** EXERCISE DETAILS **
Restate the listing below word for word, pictures excluded.

"""

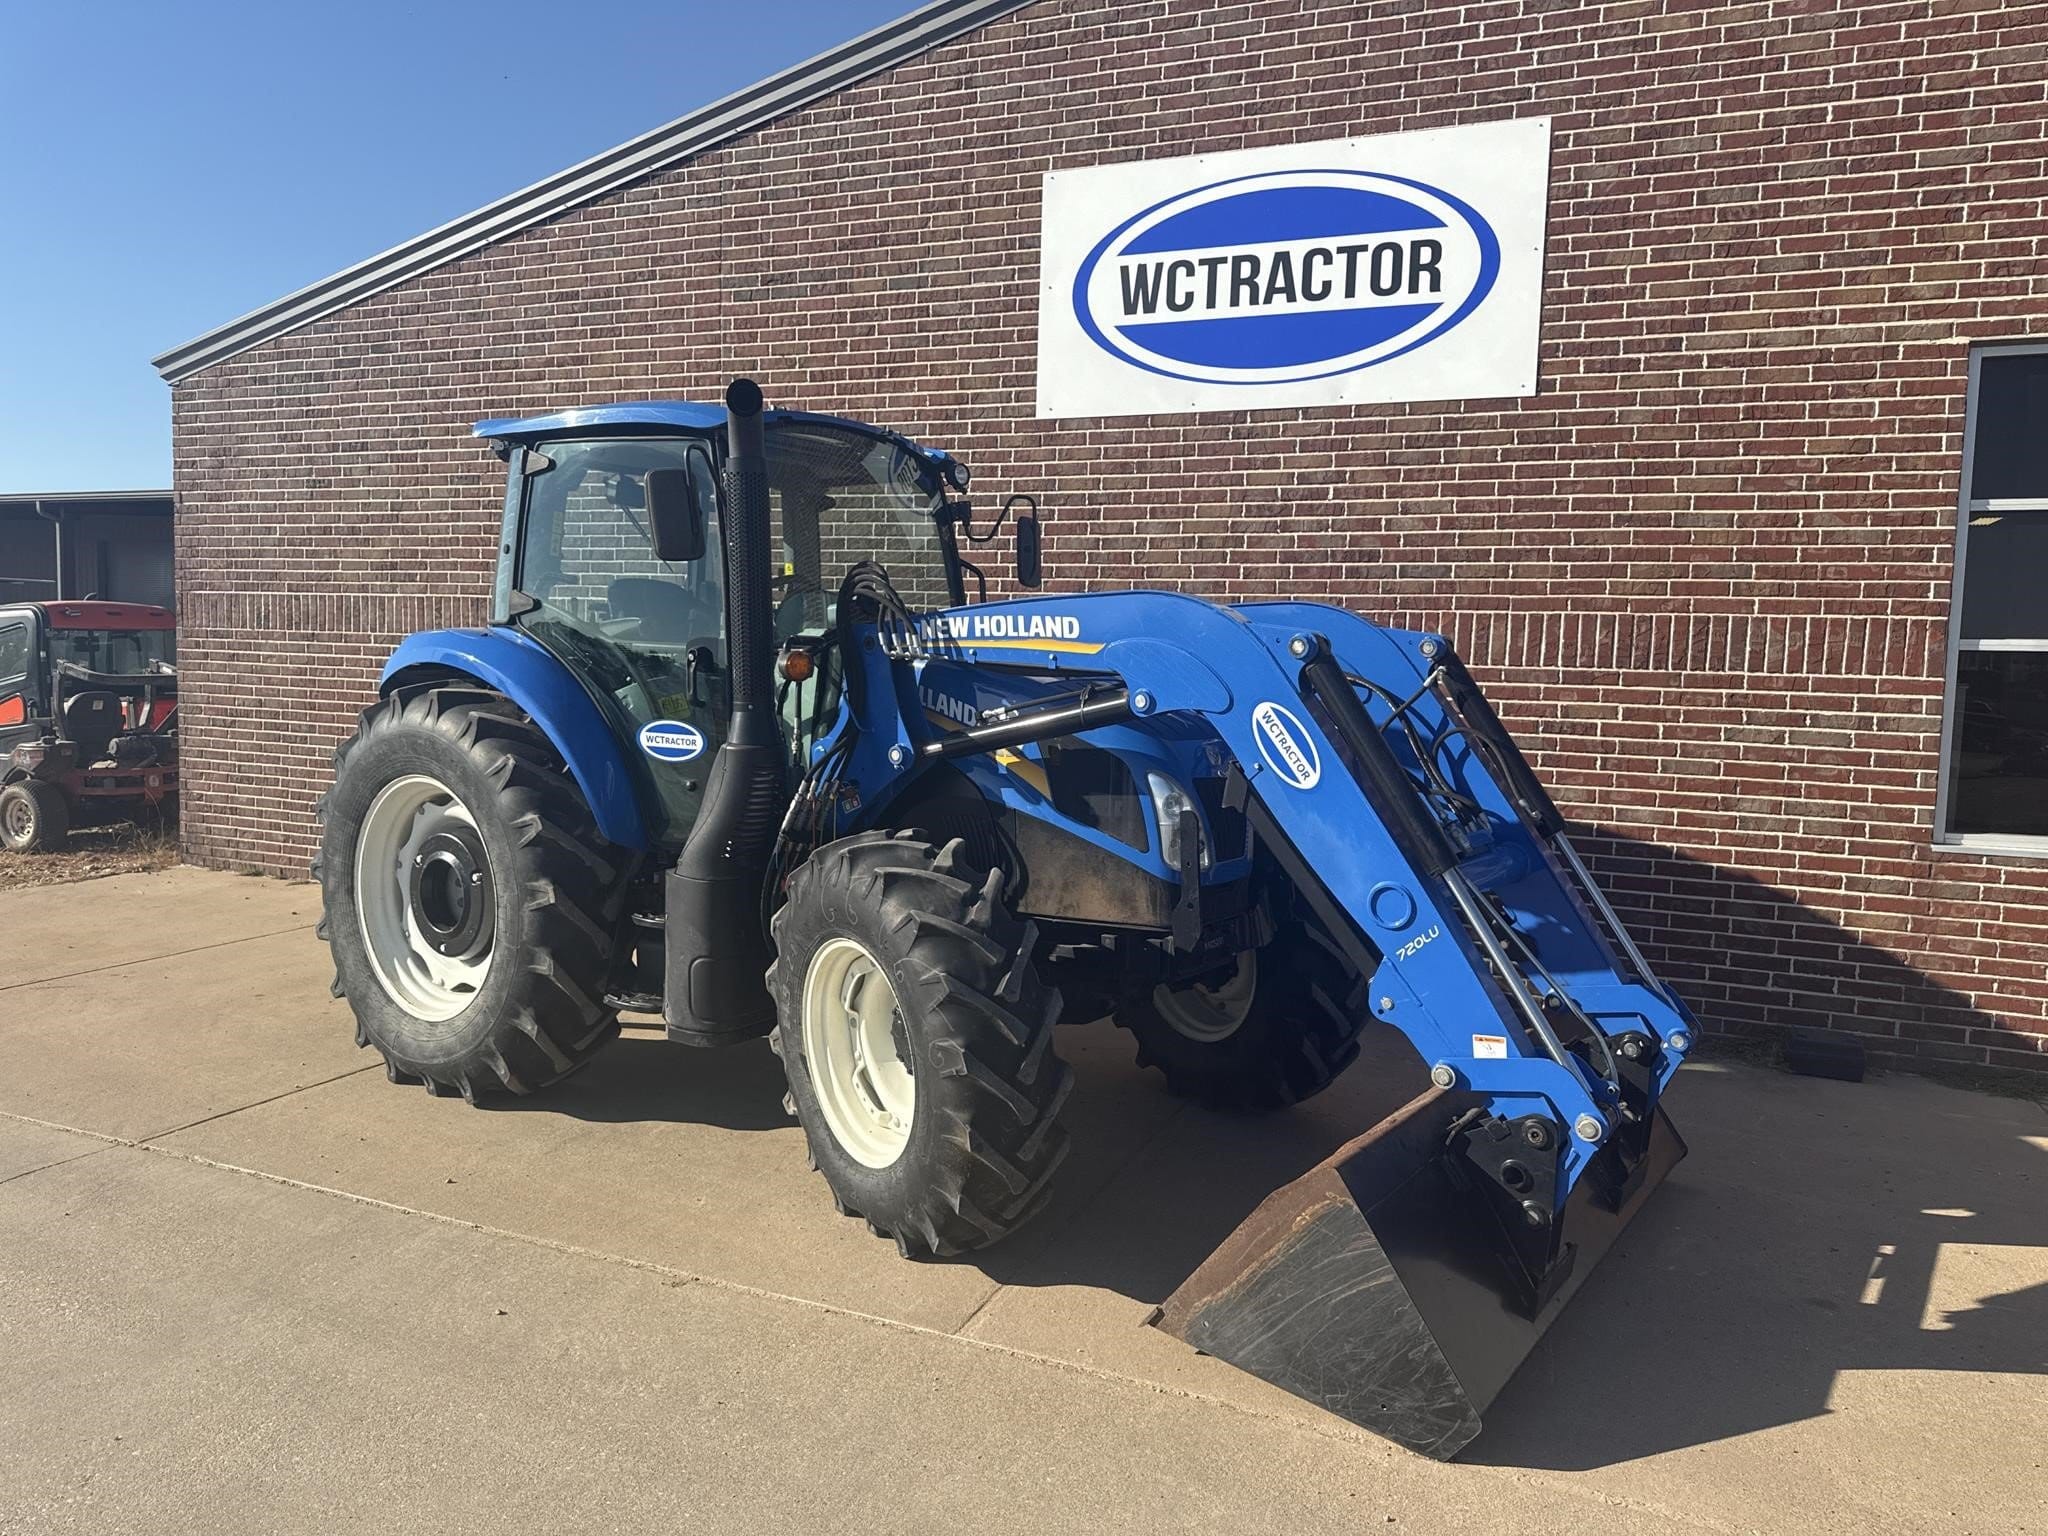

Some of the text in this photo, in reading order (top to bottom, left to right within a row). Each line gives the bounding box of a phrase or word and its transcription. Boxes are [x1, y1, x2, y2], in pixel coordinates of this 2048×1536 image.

[1119, 239, 1443, 316] WCTRACTOR
[920, 615, 1080, 640] NEW HOLLAND
[918, 686, 977, 727] LLAND
[645, 735, 697, 747] WCTRACTOR
[1261, 710, 1311, 781] WCTRACTOR
[1395, 924, 1440, 962] 720LU
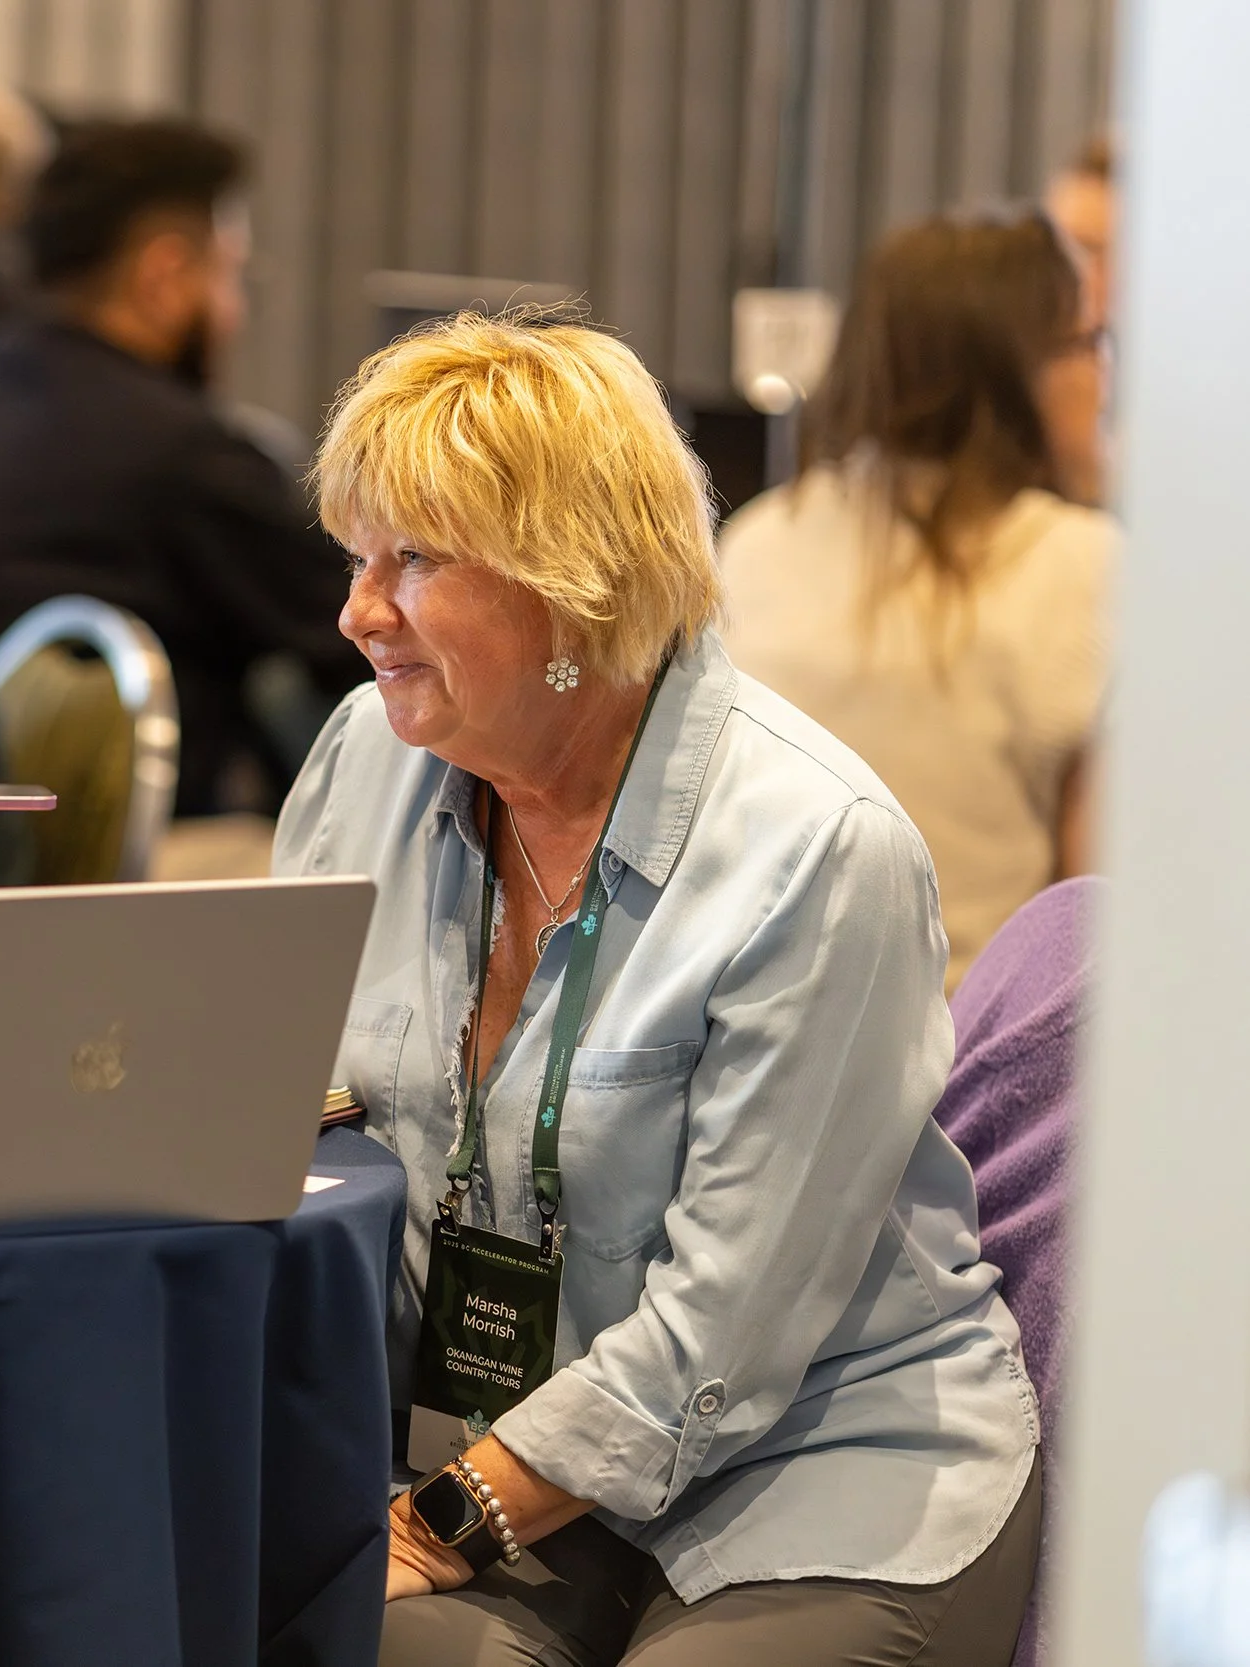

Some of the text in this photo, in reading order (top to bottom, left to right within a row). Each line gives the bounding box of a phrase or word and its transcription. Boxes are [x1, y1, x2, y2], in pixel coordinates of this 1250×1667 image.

[461, 1243, 470, 1252] BC
[471, 1247, 517, 1265] ACCELERATOR
[518, 1260, 549, 1274] PROGRAM
[466, 1293, 517, 1320] Marsha
[463, 1312, 516, 1340] Morrish
[446, 1347, 524, 1378] OKANAGAN WINE
[446, 1360, 521, 1390] COUNTRY TOURS
[470, 1421, 485, 1434] BC

"""

** ANSWER BELOW **
Some of the text in this photo, in reading order (top to bottom, left to right within a row). Each line gives the bounding box of a phrase or word and its transcription. Boxes are [x1, y1, x2, y2], in pixel coordinates of this 2048×1536 image.

[1119, 239, 1443, 316] WCTRACTOR
[920, 615, 1080, 640] NEW HOLLAND
[918, 686, 977, 727] LLAND
[645, 735, 697, 747] WCTRACTOR
[1261, 710, 1311, 781] WCTRACTOR
[1395, 924, 1440, 962] 720LU

Some of the text in this photo, in reading order (top to bottom, left to right within a row). Each line gives the bounding box of a phrase or word and its transcription. Boxes are [x1, y1, x2, y2], in pixel coordinates of this 1250×1667 image.

[461, 1243, 470, 1252] BC
[471, 1247, 517, 1265] ACCELERATOR
[518, 1260, 549, 1274] PROGRAM
[466, 1293, 517, 1320] Marsha
[463, 1312, 516, 1340] Morrish
[446, 1347, 524, 1378] OKANAGAN WINE
[446, 1360, 521, 1390] COUNTRY TOURS
[470, 1421, 485, 1434] BC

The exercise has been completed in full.